O comandante supremo das forças soviética na Alemanha, contrário a fazer as malas e deixar a história rolar, já havia sido substituído. Tinha se enrolado num negócio clandestinos de venda de mísseis de arrepiar os poucos cabelos do careca ou de quem estivesse no lugar dele.

Trinta anos depois, seja qual for o veredicto ideológico, os soldados soviéticos estão muito melhor.

Descendentes dos homens – e centenas de milhares de mulheres – que atravessaram vários invernos forrando as botas com jornais e entraram vitoriosos na Alemanha, tendo derrubado o nazismo e sobrevivido a seus próprios e cruéis líderes, no que já foi chamada de “a guerra do Mal contra o Mal”, livraram-se do peso de oprimir países que os odiavam.

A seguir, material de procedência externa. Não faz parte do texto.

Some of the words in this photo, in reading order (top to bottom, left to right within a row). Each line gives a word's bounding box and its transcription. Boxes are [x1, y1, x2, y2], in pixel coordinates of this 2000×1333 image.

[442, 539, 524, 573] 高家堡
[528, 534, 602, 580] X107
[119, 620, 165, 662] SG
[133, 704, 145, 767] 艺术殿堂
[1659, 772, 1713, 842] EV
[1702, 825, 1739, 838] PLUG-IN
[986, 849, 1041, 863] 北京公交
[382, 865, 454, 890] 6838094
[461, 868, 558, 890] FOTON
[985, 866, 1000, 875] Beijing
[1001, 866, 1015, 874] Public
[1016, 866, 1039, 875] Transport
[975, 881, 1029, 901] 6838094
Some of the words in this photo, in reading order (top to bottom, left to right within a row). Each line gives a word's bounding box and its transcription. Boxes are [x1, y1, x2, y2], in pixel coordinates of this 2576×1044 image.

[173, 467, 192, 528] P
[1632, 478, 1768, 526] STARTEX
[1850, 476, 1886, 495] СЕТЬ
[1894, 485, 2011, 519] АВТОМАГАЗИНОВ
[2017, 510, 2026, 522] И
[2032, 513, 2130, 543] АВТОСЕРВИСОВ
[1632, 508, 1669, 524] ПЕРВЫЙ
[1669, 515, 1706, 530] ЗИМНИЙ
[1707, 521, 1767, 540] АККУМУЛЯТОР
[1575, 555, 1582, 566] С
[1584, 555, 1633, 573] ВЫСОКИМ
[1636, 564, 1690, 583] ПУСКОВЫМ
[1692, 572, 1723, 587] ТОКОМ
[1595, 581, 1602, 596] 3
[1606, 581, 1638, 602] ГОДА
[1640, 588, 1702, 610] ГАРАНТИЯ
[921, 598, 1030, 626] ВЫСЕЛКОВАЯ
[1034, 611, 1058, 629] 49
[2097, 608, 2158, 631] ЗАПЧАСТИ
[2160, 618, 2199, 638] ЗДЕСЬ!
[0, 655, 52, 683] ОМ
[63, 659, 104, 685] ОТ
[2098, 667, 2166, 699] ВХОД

Mesmo que a elite comunista dirigente se curvasse, louvasse os “amigos” e seguisse suas ordens, os soviéticos sabiam o que o povo pensava deles.

“Queremos ser livres, não escrevos”, gritavam os manifestantes que aderiram à greve operária de 1953.

No paraíso dos trabalhadores, nominalmente criado em seu nome e em seu benefício, protestavam contra um corte no salário dos trabalhadores da construção civil se não atingissem as cotas de produção estabelecidas por Moscou.

Aí os tanques soviéticos saíram as ruas.